Im Zuge der Globalisierung gerieten über Jahrhunderte gewachsene Privilegien älterer, weißer, deutscher/europäischer, heterosexueller Männer immer mehr in Gefahr. Daher die Sehnsucht dieser Gruppe nach den „guten, alten Zeiten“.
Geschickte Internet-Nutzung und Vernetzung
Der für Viele, wenn nicht die Meisten, kaum erwartete Erfolg eines Donald Trump bei den Präsidentschaftswahlen in den USA, wohl wesentlich geplant von Stephen Bannon, ist hier für mich beispielhaft. Aber auch die in wenigen Jahren vollzogene Entwicklung der AfD von einer zunächst nur Euro-kritischen, konservativen Wirtschaftspartei zu einer, meiner Meinung nach, heute eher rechtsradikalen, ausländerfeindlichen und unsere Demokratie gefährdenden Partei (zumindest der Teilbereich des „Flügels“), ist mit demokratischen Diskussionsprozessen innerhalb der AfD nicht erklärbar.
Zunehmende Kluft zwischen Stadt und Land
Wo heute kein Bäcker, Metzger, Geldausgabeautomat oder Bushaltestelle, kein Arzt oder Dorfkneipe mehr vorhanden ist, findet man nach meinem Eindruck am ehesten noch einen lokalen Ansprechpartner der AfD – nicht der CDU, SPD, FDP, oder Grünen, auch immer seltener der Linken. Und der hat dann leichtes Spiel, es doch „denen da oben“ mal zu zeigen, am besten in Form von zwei Stimmen für die AfD.
Wenn es gelingt, über solche Fragen wieder mehr als über Personen zu streiten, wenn dieser Streit wieder mehr mit abwägenden Argumenten statt persönlichen Diffamierungen oder Hasskommentaren stattfindet, dann können wir „Zukunft“ wieder positiv gestalten oder zumindest beeinflussen.
Es zeigt sich durchgehend in den Beiträgen von Herrn Lerchner und in seinen Reaktionen auf meine Beiträge, daß man durchaus in Sachlichkeit unterschiedlicher Meinung sein und dabei auf die jeweilige Argumentation des anderen eingehen kann. Das finde ich erfreulich.
In wirtschaftlicher Hinsicht zB unterscheiden wir uns. Ich halte nichts von der Vermögenssteuer und viel von der schwarzen Null; ich vergleiche auch nur die Zahl der Menschen einerseits mit ihrem Steueraufkommen andererseits, weil das ja von den Sozial-Gutmenschen umgekehrt auch so gemacht wird: 10% Menschen besitzen x % des Vermögens, so wird es uns von der Neidern der Nation ja dauernd vorgehalten. Immerhin: Herr Lerchner argumentiert mit wirtschaftlichen Interpretationen und Fakten, die ernst zu nehmen und aller Ehren wert sind (und sein Sachverstand auf diesem Gebiet ist ja möglicherweise dem meinen überlegen).

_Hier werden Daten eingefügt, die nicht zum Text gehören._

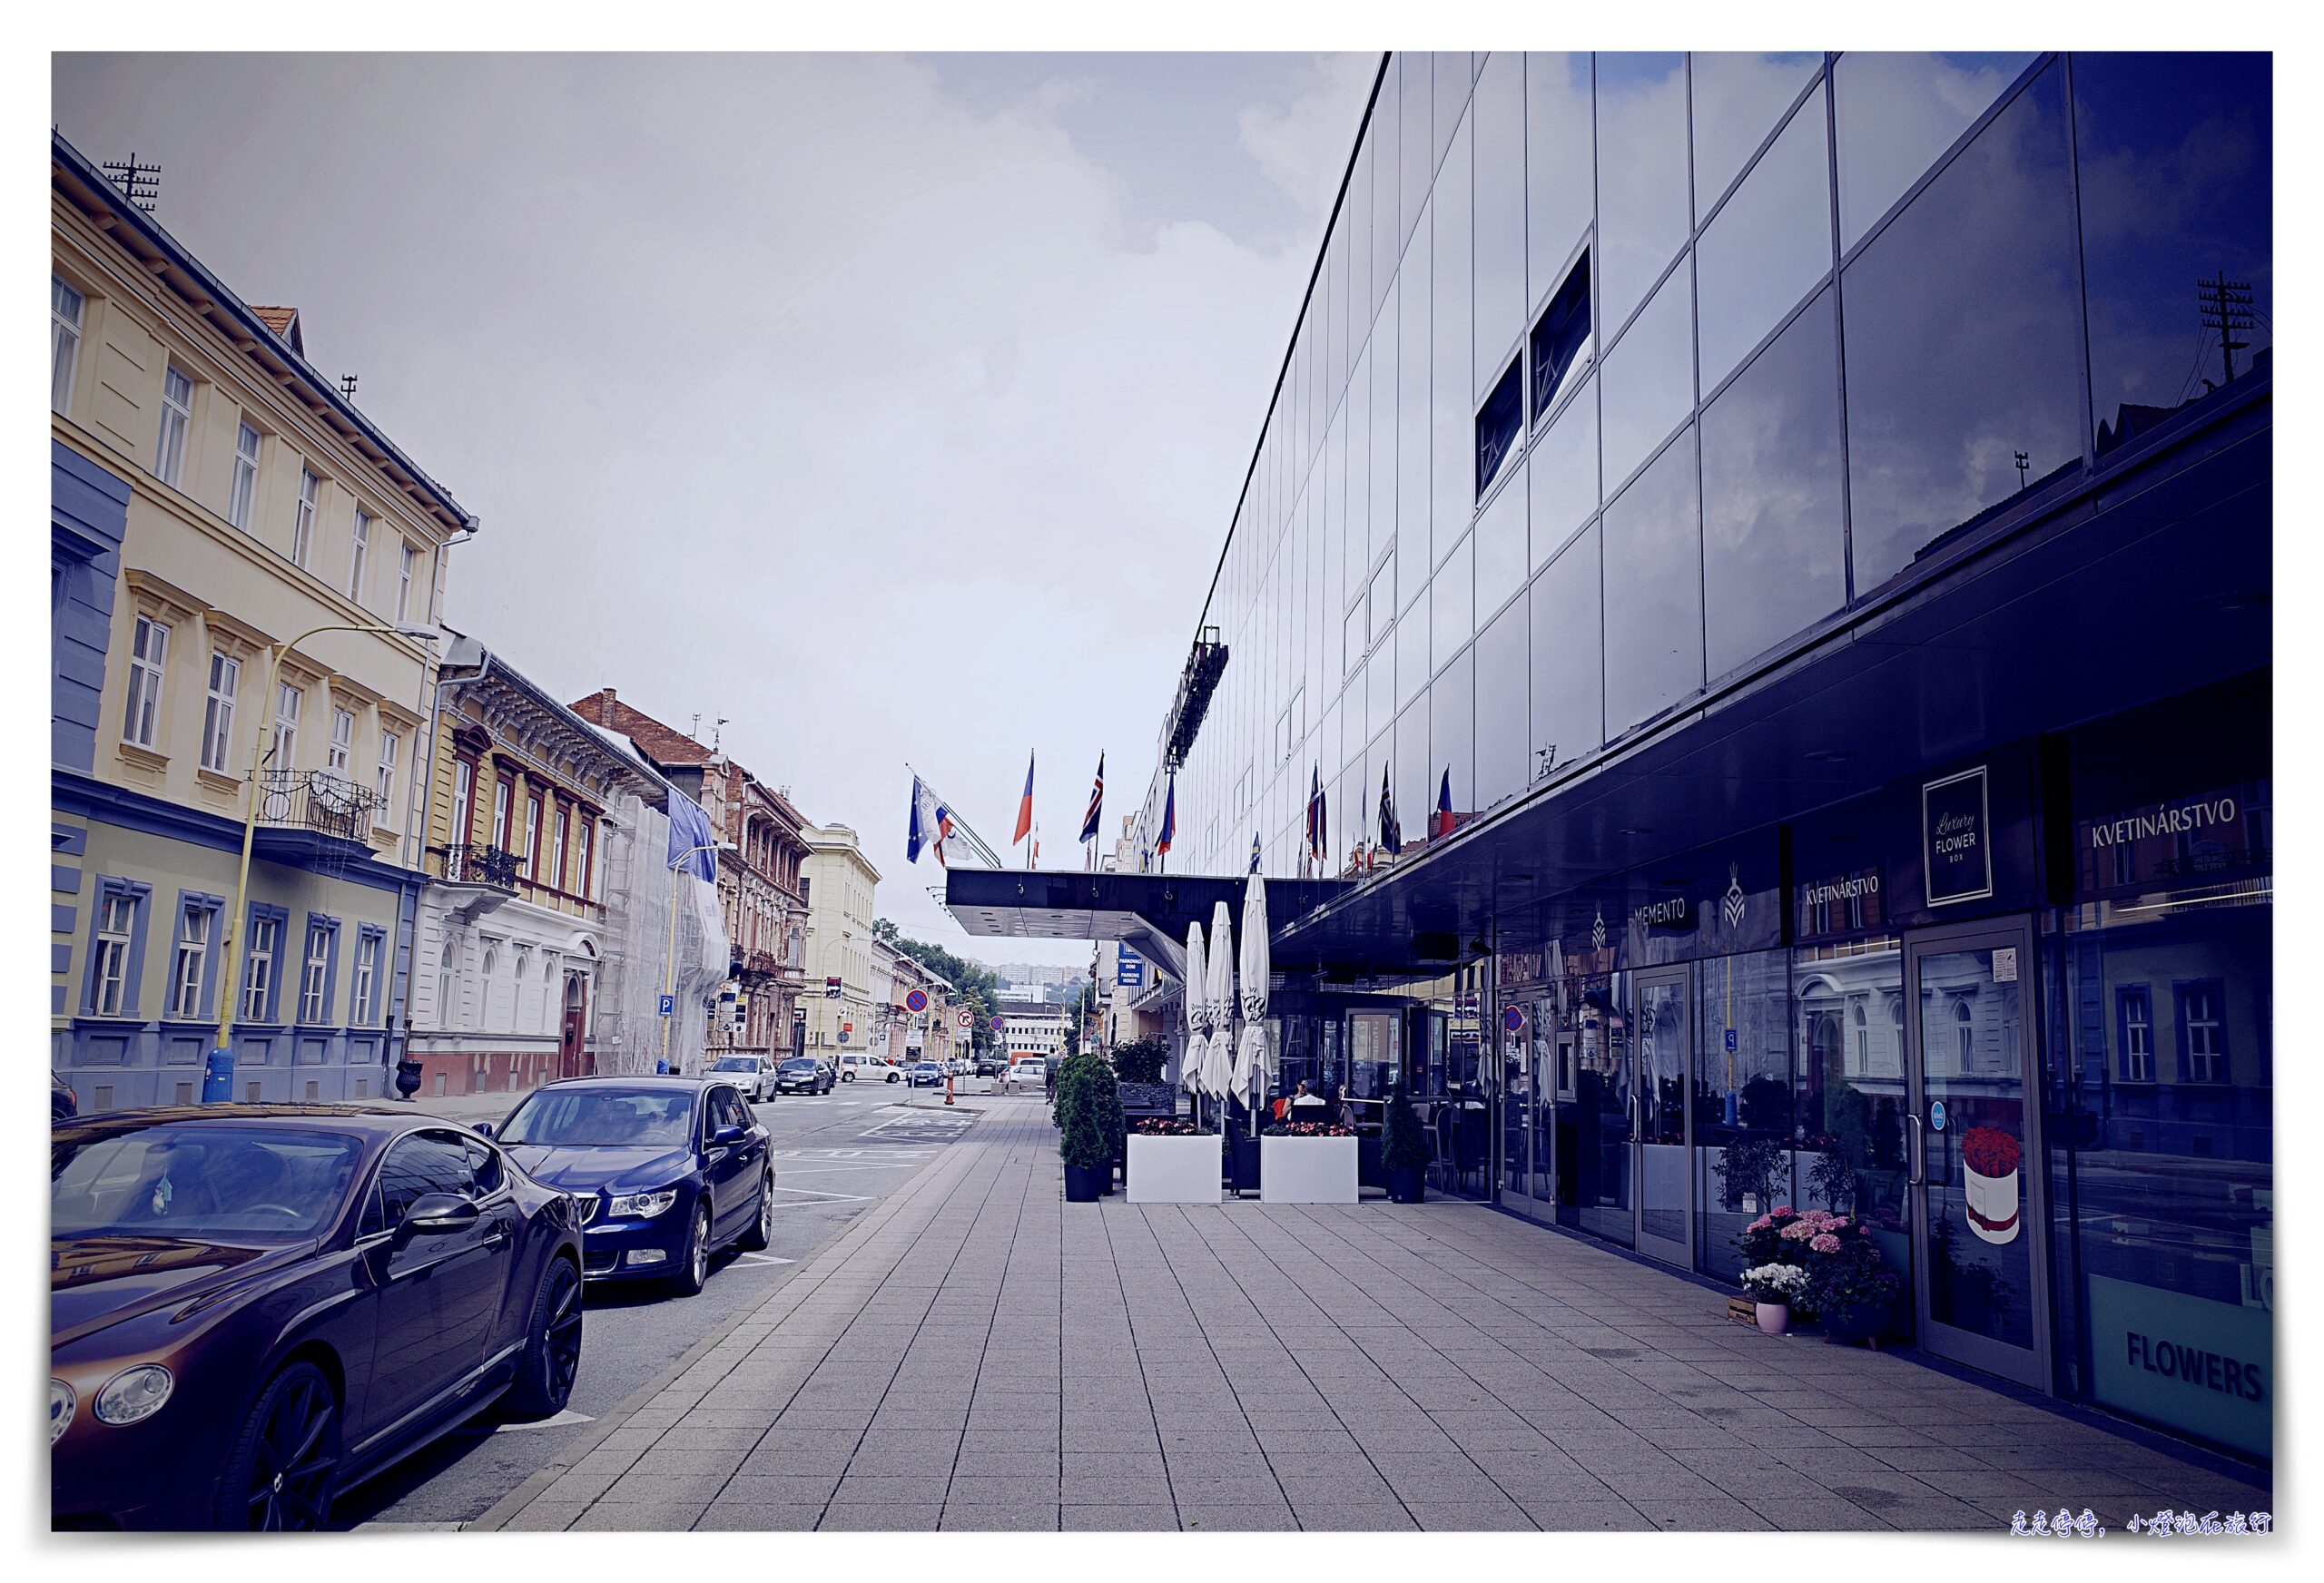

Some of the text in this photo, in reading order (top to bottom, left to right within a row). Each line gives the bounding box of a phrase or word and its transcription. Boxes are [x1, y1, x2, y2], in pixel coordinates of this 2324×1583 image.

Etwas anders ist es bei seiner Argumentation im Bereich Verteidigung: Es ist eben leider keine „USA-hörige, verteidigungspolitische Unterwürfigkeit von AKK und von Ursula von der Leyen“, wenn man selbst nichts hat (dies gilt auch bezogen auf Europa als Ganzes) und seine außenpolitische Sicherheit seit Jahrzehnten unter dem verführerischen Manipulationsbegriff der „Friedensdividende“ anderen, nämlich den USA, anvertraut hat. Ich halte nicht viel von den verteidigunsgpolitischen Einsichten der beiden Damen, aber die Bundesrepublik Deutschland und die EU haben eben augenblicks wenig Spielraum in der Außenpolitik, weil ihnen EIN entscheidendes Instrument – Machtprojektion durch glaubwürdige Streitkräfte – fehlt (abgesehen von der Fehlbesetzung des AM-Postens bei uns).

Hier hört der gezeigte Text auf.